Aim of the task ▸ Once the line containing "this 2212×1659 image." is located, give it again exactly, together with each line that follows it to the end of the entries, and add nothing else.

-- Task inputs follows --

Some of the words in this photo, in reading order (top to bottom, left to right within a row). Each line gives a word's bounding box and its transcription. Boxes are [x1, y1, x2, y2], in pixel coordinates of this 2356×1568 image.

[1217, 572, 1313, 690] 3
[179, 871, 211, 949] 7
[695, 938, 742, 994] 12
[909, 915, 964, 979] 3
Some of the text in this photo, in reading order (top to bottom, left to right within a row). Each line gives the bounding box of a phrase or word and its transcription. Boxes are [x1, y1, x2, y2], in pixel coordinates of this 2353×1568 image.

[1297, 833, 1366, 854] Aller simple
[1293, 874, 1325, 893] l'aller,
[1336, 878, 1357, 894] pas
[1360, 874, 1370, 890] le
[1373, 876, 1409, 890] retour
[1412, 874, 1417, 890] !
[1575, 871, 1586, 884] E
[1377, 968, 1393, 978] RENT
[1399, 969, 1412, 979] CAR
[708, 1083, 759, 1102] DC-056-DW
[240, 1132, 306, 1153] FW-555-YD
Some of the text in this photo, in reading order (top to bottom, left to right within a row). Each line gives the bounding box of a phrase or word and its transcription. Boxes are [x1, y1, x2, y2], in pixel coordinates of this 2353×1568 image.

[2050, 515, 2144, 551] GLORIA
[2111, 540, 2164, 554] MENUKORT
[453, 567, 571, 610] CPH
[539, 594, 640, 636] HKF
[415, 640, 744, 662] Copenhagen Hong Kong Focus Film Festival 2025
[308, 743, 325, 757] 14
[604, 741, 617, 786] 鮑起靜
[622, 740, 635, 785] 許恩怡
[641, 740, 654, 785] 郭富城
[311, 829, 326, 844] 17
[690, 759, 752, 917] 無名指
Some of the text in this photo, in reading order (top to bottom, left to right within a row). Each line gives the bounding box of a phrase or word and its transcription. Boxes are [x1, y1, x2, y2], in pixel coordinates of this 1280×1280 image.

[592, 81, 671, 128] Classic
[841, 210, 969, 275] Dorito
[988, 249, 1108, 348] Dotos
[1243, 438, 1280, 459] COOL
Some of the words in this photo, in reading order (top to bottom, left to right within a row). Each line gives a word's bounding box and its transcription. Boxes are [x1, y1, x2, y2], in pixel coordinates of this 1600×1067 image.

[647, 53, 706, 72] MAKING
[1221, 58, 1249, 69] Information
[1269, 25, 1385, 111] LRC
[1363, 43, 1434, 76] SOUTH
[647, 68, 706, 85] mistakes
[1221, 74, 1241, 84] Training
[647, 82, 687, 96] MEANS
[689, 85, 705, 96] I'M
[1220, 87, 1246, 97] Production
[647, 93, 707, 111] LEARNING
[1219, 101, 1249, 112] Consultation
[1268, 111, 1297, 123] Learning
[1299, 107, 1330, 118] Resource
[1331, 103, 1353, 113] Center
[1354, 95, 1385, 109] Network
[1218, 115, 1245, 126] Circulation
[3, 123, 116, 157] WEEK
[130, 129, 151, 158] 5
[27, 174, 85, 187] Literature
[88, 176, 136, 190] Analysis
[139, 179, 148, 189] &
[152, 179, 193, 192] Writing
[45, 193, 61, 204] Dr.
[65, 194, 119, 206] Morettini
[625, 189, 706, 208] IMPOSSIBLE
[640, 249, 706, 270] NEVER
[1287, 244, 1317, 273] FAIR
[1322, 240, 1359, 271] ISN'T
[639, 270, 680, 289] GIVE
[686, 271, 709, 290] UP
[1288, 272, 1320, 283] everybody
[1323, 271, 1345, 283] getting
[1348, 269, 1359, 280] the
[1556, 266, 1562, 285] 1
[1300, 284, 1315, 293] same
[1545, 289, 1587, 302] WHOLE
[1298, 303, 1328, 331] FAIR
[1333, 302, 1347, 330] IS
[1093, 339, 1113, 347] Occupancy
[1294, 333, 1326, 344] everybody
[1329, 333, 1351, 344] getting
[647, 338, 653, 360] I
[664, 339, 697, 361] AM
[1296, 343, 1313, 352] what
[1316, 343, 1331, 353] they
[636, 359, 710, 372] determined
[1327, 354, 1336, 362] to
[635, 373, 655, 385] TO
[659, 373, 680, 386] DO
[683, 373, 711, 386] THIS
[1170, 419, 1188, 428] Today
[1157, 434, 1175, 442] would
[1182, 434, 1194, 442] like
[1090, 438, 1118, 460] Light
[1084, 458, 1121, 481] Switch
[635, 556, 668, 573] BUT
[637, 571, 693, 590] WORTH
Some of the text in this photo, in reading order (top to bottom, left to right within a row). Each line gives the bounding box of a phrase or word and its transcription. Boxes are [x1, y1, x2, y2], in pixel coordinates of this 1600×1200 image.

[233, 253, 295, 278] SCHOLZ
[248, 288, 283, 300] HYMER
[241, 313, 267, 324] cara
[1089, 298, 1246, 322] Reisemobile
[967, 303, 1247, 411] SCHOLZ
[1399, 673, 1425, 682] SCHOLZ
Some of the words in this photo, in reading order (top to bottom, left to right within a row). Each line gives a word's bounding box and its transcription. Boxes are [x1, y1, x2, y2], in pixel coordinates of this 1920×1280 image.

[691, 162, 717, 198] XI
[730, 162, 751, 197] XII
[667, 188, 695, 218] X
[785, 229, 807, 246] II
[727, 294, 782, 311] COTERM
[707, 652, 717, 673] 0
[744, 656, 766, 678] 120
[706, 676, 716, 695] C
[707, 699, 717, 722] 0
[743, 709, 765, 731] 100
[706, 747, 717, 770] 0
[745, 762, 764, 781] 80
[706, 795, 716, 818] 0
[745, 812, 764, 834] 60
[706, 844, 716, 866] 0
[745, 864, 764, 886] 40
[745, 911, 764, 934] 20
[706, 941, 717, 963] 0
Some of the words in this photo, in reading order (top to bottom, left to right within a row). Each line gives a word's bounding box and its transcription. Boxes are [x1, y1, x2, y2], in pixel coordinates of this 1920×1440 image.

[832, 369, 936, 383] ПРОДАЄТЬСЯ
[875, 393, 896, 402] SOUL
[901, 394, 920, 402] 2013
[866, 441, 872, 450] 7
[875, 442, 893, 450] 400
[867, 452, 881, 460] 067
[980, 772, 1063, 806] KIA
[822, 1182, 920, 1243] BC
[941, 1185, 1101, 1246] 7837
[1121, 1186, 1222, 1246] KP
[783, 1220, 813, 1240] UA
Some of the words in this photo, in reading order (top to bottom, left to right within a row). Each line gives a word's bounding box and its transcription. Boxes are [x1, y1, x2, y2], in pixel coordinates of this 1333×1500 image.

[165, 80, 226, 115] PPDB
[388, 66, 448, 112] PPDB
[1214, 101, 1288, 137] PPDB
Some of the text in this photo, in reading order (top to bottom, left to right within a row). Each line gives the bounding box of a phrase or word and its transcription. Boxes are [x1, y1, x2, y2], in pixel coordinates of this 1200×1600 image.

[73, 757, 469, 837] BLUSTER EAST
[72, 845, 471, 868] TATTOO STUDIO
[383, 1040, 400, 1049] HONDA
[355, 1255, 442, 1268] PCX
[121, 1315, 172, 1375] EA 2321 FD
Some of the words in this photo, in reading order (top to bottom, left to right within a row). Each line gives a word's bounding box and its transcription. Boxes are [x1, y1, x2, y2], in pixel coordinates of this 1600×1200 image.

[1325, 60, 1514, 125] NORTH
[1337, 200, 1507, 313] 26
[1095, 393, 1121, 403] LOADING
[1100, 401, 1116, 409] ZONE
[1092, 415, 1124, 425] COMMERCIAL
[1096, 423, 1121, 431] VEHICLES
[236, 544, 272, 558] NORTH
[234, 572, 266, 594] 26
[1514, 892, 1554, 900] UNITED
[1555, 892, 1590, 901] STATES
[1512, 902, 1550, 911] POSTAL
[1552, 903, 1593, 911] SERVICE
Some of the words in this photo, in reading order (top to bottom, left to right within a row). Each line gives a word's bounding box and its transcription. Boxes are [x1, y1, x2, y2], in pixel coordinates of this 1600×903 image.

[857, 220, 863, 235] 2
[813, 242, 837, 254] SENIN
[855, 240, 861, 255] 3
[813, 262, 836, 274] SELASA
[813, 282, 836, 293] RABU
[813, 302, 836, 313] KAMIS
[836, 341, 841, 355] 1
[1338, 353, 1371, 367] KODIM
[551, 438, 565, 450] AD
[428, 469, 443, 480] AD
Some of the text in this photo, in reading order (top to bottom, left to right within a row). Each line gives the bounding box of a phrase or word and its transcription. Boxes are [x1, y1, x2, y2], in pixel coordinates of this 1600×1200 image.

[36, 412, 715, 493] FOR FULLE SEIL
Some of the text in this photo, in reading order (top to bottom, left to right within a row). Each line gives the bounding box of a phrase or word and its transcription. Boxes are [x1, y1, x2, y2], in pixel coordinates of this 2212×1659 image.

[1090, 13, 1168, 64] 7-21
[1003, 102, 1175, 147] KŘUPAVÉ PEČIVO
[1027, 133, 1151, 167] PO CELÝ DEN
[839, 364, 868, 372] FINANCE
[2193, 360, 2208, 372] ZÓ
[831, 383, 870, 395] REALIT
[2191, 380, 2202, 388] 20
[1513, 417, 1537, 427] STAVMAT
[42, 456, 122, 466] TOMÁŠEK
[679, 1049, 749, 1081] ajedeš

-- Task inputs concluded --

Result for this exercise ▸
Some of the text in this photo, in reading order (top to bottom, left to right within a row). Each line gives the bounding box of a phrase or word and its transcription. Boxes are [x1, y1, x2, y2], in pixel coordinates of this 2212×1659 image.

[1090, 13, 1168, 64] 7-21
[1003, 102, 1175, 147] KŘUPAVÉ PEČIVO
[1027, 133, 1151, 167] PO CELÝ DEN
[839, 364, 868, 372] FINANCE
[2193, 360, 2208, 372] ZÓ
[831, 383, 870, 395] REALIT
[2191, 380, 2202, 388] 20
[1513, 417, 1537, 427] STAVMAT
[42, 456, 122, 466] TOMÁŠEK
[679, 1049, 749, 1081] ajedeš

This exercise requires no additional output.